Lately, the trio of Milan Lucic, David Krejci and Jarome Iginla have been red hot. The three combined for five points Tuesday night en route to the Bruins' 36th victory of the 2013-14 season.
"Everybody does go through some ups and downs and you want to keep the downs as short as possible," Iginla said about playing with Lucic and Krejci this season.
"But, yeah I've really enjoyed working through with Krejch and Looch and we've had some stretches where we weren't as sharp, but we're a good team. You look at the team itself, sometimes all the lines are rolling, but its nice you look around and its different nights where one line is having a really good night. But the biggest thing of being a good team is being able to, where one guy or one line isn't feeling it, the others are rolling. We've been fortunate enough to count on a lot of different guys...its definitely been a team game this year."
Their night started with Iginla's 600th career assist on Lucic's 16th of the season at 5:12 of the first. It continued at 7:59 of the second when Iginla added his 16th of the year on the power play.
It ended with one of their best efforts of the season. And as this line keeps rolling - 18 points combined in their last five games - the Black and Gold keeps on winning.

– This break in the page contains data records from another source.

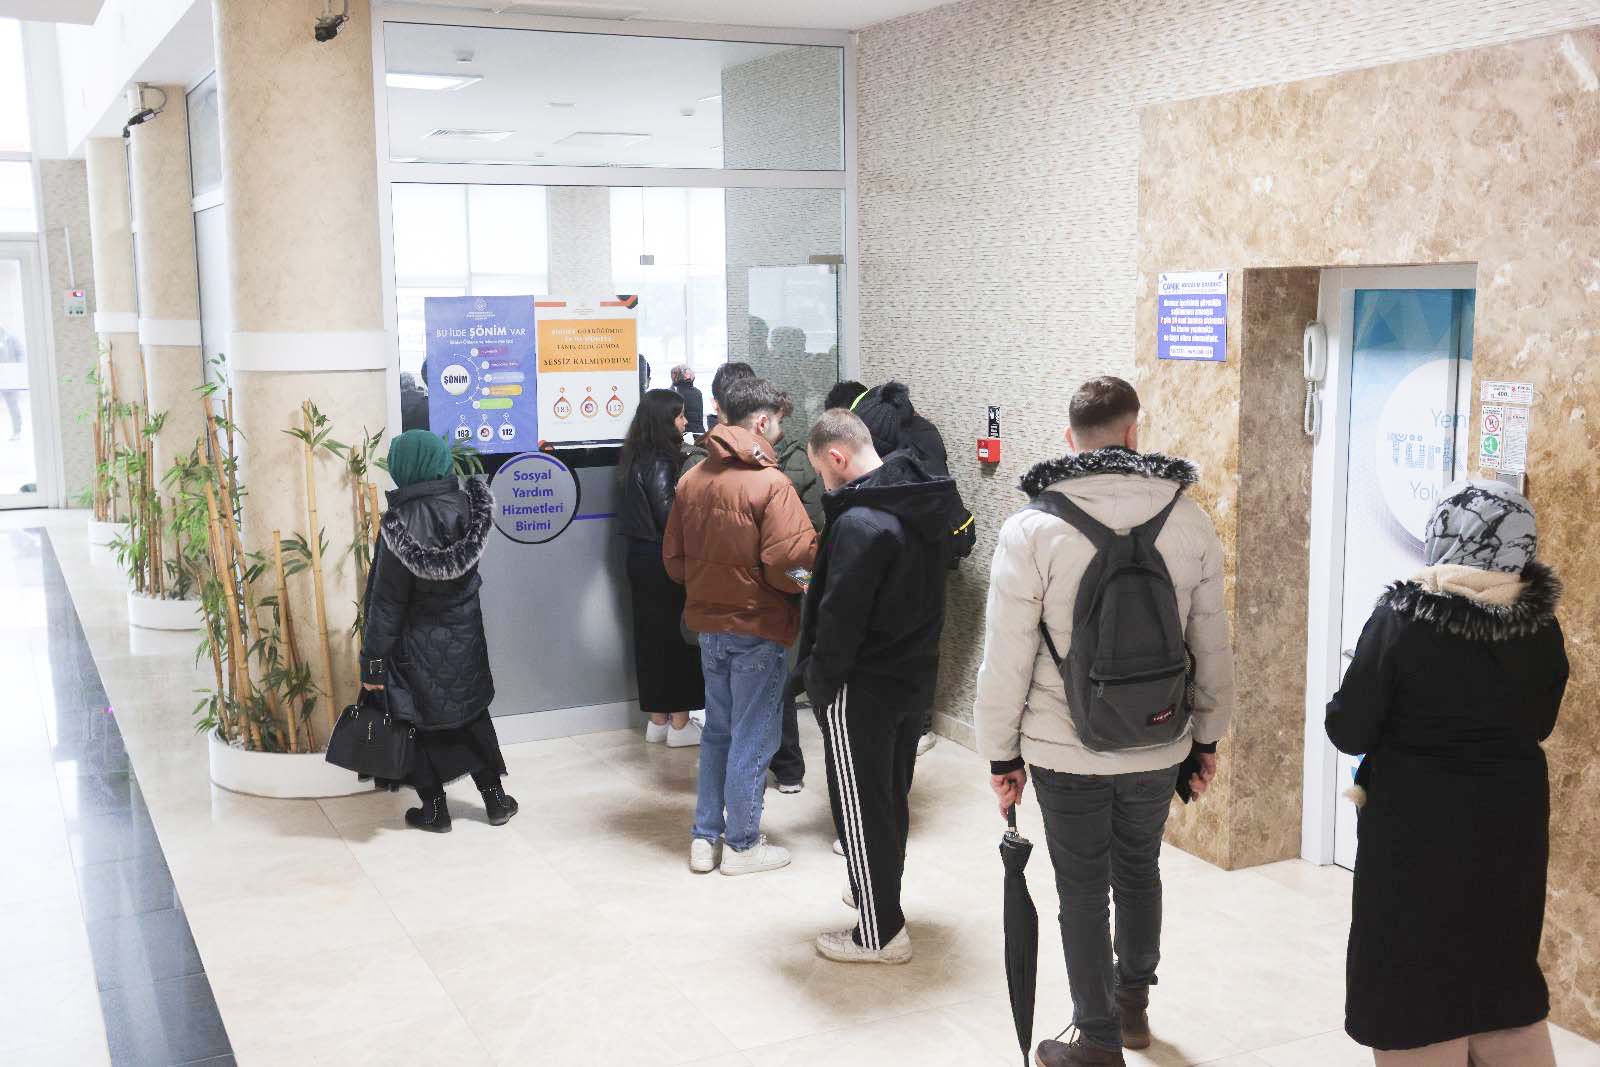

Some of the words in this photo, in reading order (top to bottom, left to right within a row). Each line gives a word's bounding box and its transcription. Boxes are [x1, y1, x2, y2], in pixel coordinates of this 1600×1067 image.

[436, 327, 447, 337] BU
[449, 327, 467, 337] İLDE
[469, 325, 507, 339] ŞÖNİM
[510, 328, 526, 336] VAR
[544, 358, 571, 366] SESSİZ
[513, 469, 551, 483] Sosyal
[512, 487, 553, 498] Yardım
[502, 502, 564, 515] Hizmetleri
[515, 520, 551, 531] Birimi

Tuukka makes a game-changing save
When Lucic and Torey Krug collided at the Bruins' blueline during the team's third power play of the night, Daniel Sedin was in alone with what looked like had a recipe for disaster. Luckily, Tuukka Rask - who was pulled in the second period of the Bruins-Habs contest in his last appearance - was there to stone Sedin on a shorthanded breakaway to keep the game at 1-0 during the second period.
It wasn't 1-0 for long, either. The Bruins quickly transitioned up ice and Iginla was able to slide his 16th goal of the season past Roberto Luongo to put the B's ahead 2-0 at 7:59 of the middle stanza.
"Those are always game-changers and momentum-changers. You want to make that save more often than not," Rask said. "Today it was good that I did, and we scored right after."
"It was definitely a big momentum shift," Iginla said about the sequence. "Yeah, they [Krug and Lucic] run into each other, it was just bobbled puck and all of a sudden, breakaway. And it's a shorthanded one, not only that save there but we were able to come back there shortly after that. It was a good break by us, but also a great save by Tuukks. He was on tonight and he was very good, but that was very good but that was definitely one of those - you know you look back on it and that was probably the biggest turning point of the game for sure."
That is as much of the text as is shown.